Solved – Can we use random forest for classification in combination with distance matrix between classes

classificationfeature selectionrrandom forest

With a colleague, we are working on a dataset containing ~5000 continuous variables for 120 individuals belonging to 8 classes.

We want to estimate the relative importance of each variable to explain the classes.
We have used a random forest approach with some success.
Now, we could like to go deeper by considering the fact that the 8 classes we fit are unequally distant from each other.
In fact, in our case we can a priori generate a distance matrix (i.e. cost matrix) for all possible pairs of classes.

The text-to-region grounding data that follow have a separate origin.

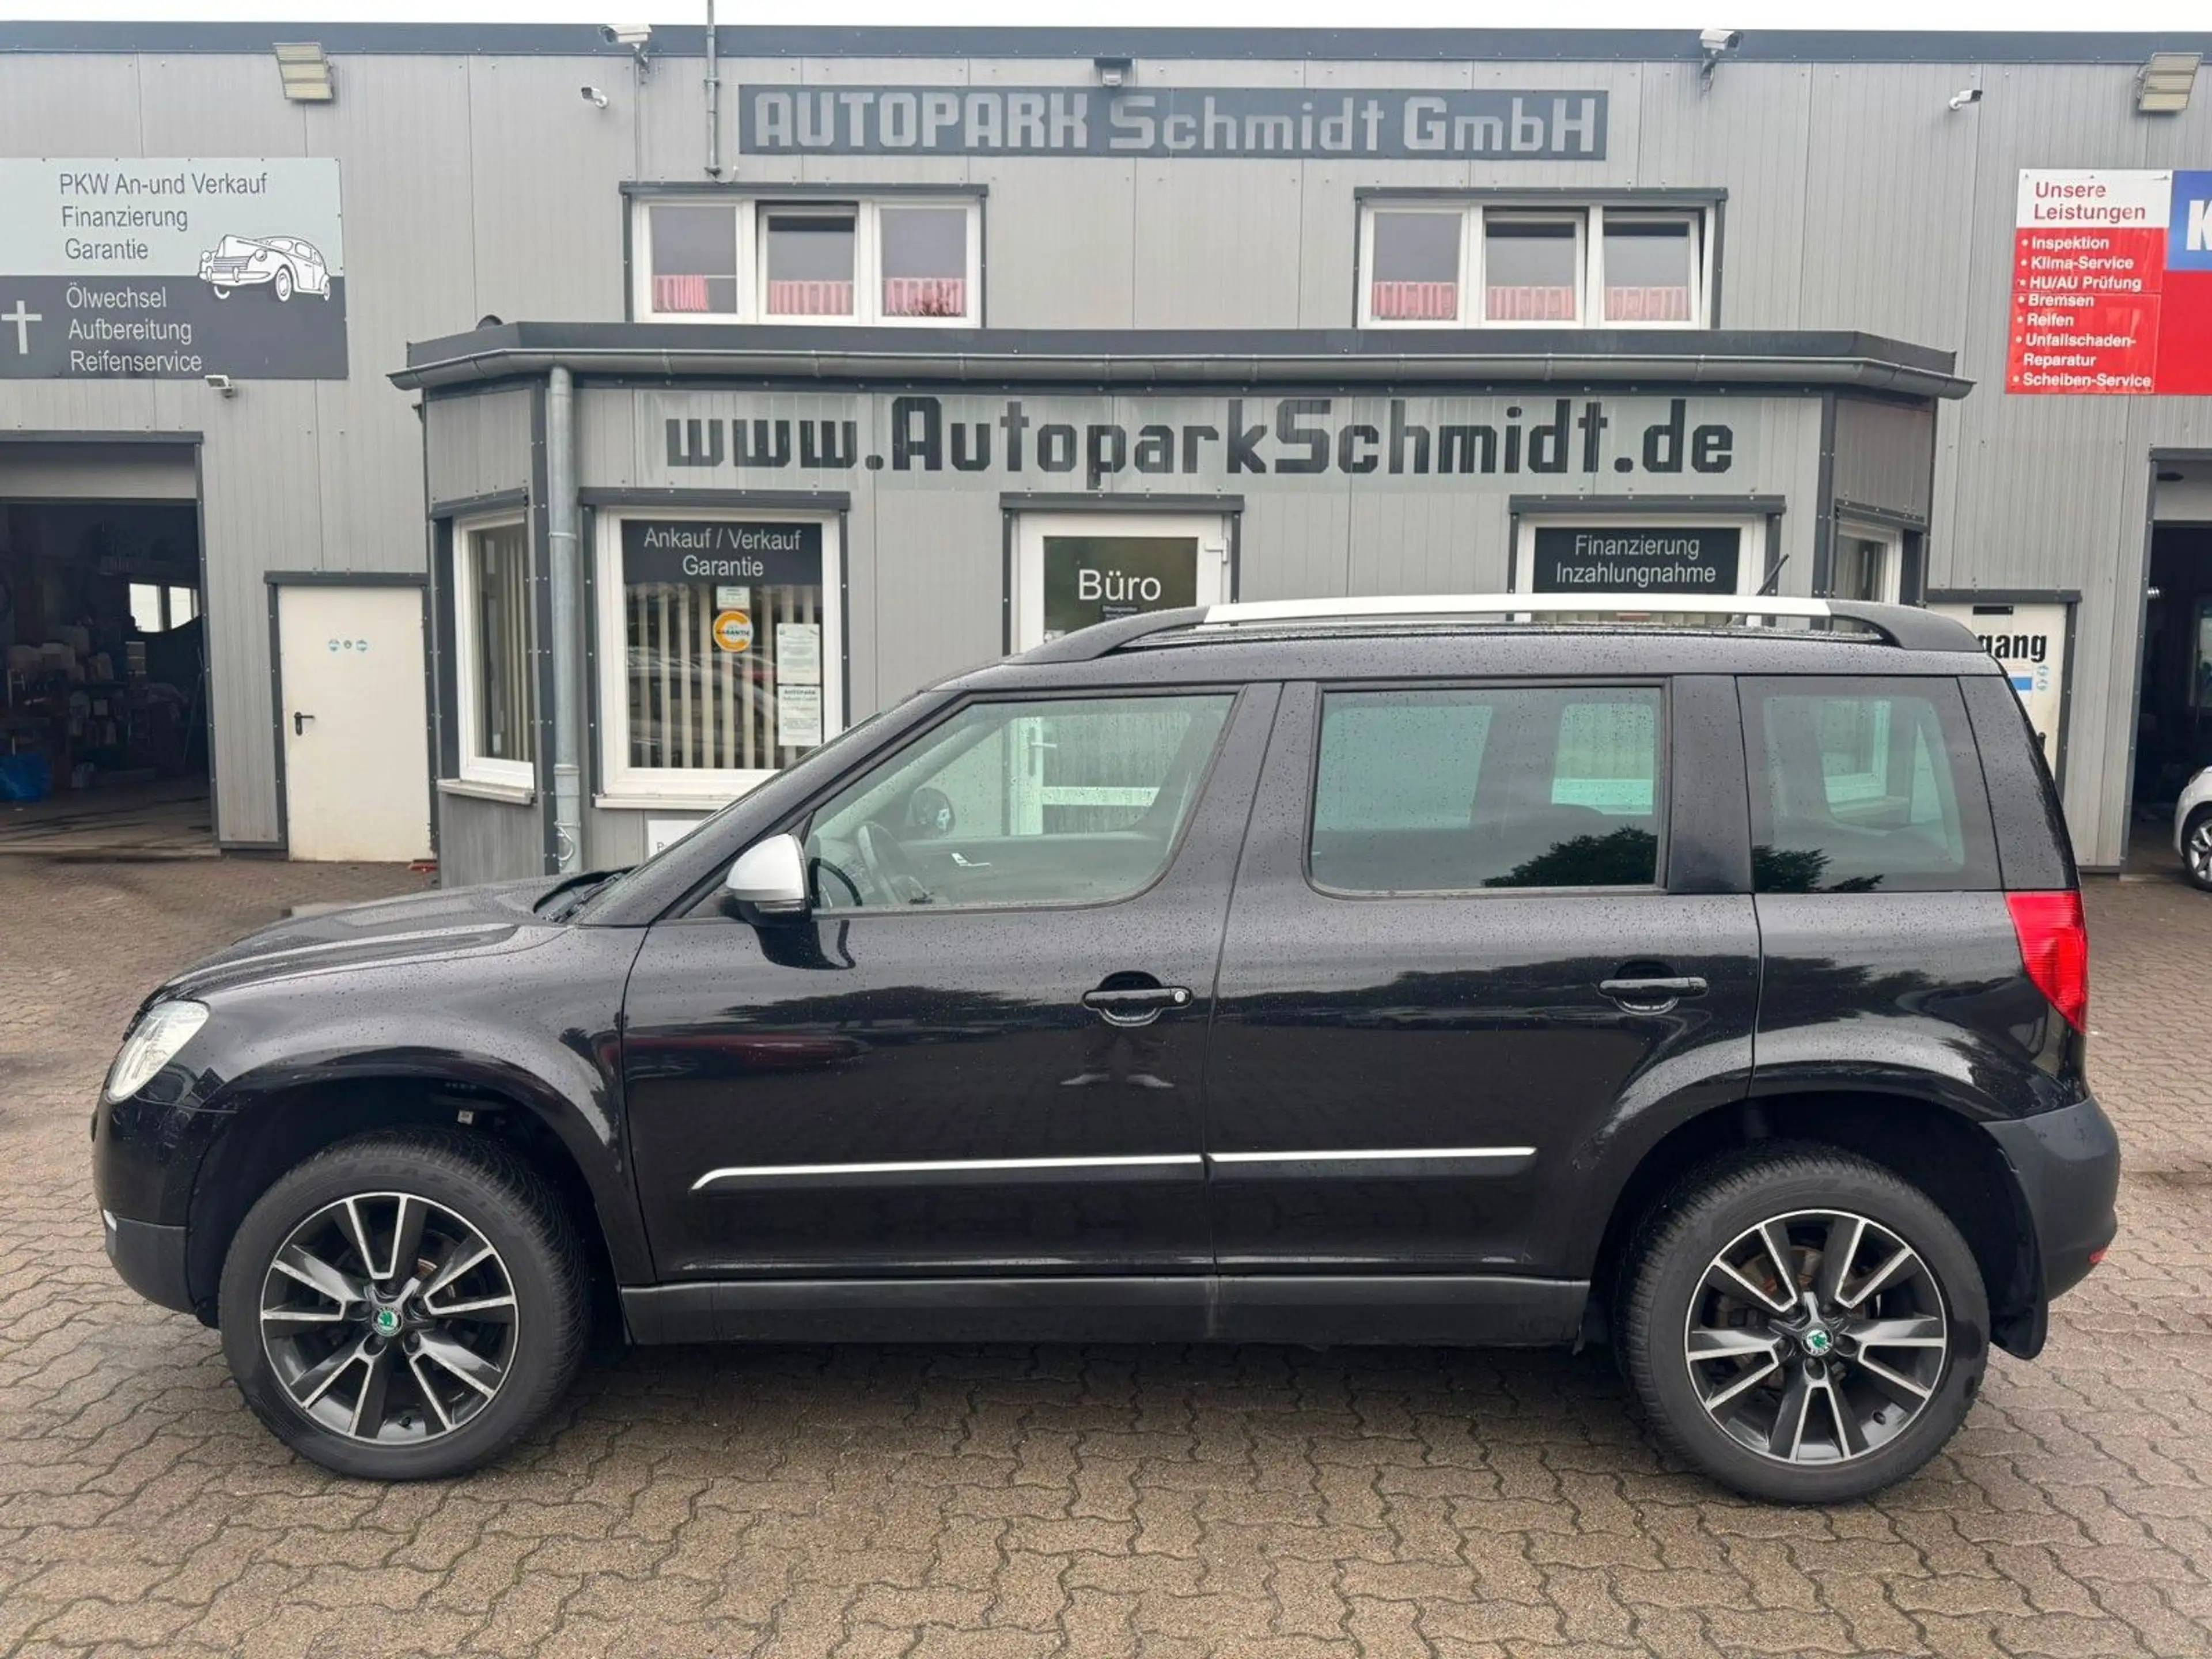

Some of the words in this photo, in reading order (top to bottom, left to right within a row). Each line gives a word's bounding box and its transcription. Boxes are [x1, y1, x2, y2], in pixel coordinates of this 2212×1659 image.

[755, 92, 1088, 147] AUTOPARK
[1109, 95, 1383, 150] Schmidt
[1404, 96, 1595, 152] GmbH
[59, 173, 109, 195] PKW
[115, 173, 185, 195] An-und
[192, 172, 267, 195] Verkauf
[2035, 181, 2107, 198] Unsere
[62, 206, 188, 232] Finanzierung
[2034, 203, 2146, 224] Leistungen
[65, 238, 148, 260] Garantie
[2032, 236, 2109, 252] Inspektion
[2031, 256, 2134, 270] Klima-Service
[66, 282, 166, 308] Ölwechsel
[2029, 276, 2078, 289] HU/AU
[2082, 275, 2142, 293] Prüfung
[2028, 294, 2094, 307] Bremsen
[2027, 314, 2074, 327] Reifen
[69, 319, 192, 345] Aufbereitung
[2025, 333, 2136, 347] Unfallschaden-
[70, 350, 202, 372] Reifenservice
[2024, 353, 2096, 368] Reparatur
[2022, 372, 2153, 388] Scheiben-Service
[666, 396, 1733, 490] www.AutoparkSchmidt.de
[644, 527, 712, 548] Ankauf
[729, 528, 801, 550] Verkauf
[1575, 535, 1700, 560] Finanzierung
[682, 555, 764, 577] Garantie
[1556, 562, 1716, 588] Inzahlungnahme
[1079, 569, 1161, 601] Büro

My (very limited) understanding of random forest is that, for regression problems,
the error $E$ is computed by the mean square difference between the OOB sample and the prediction for the same sample:

$E = n^{-1}\sum\limits_{i=1}^n{{(y_i-\hat{y}_i)}^2}$

Where $y_i$ is the predicted value and $\hat{y}_i$ the real value of an out-of bag-sample $i$.

Ultimately, the calculation of the variable importance depends on how the error is computed (right?).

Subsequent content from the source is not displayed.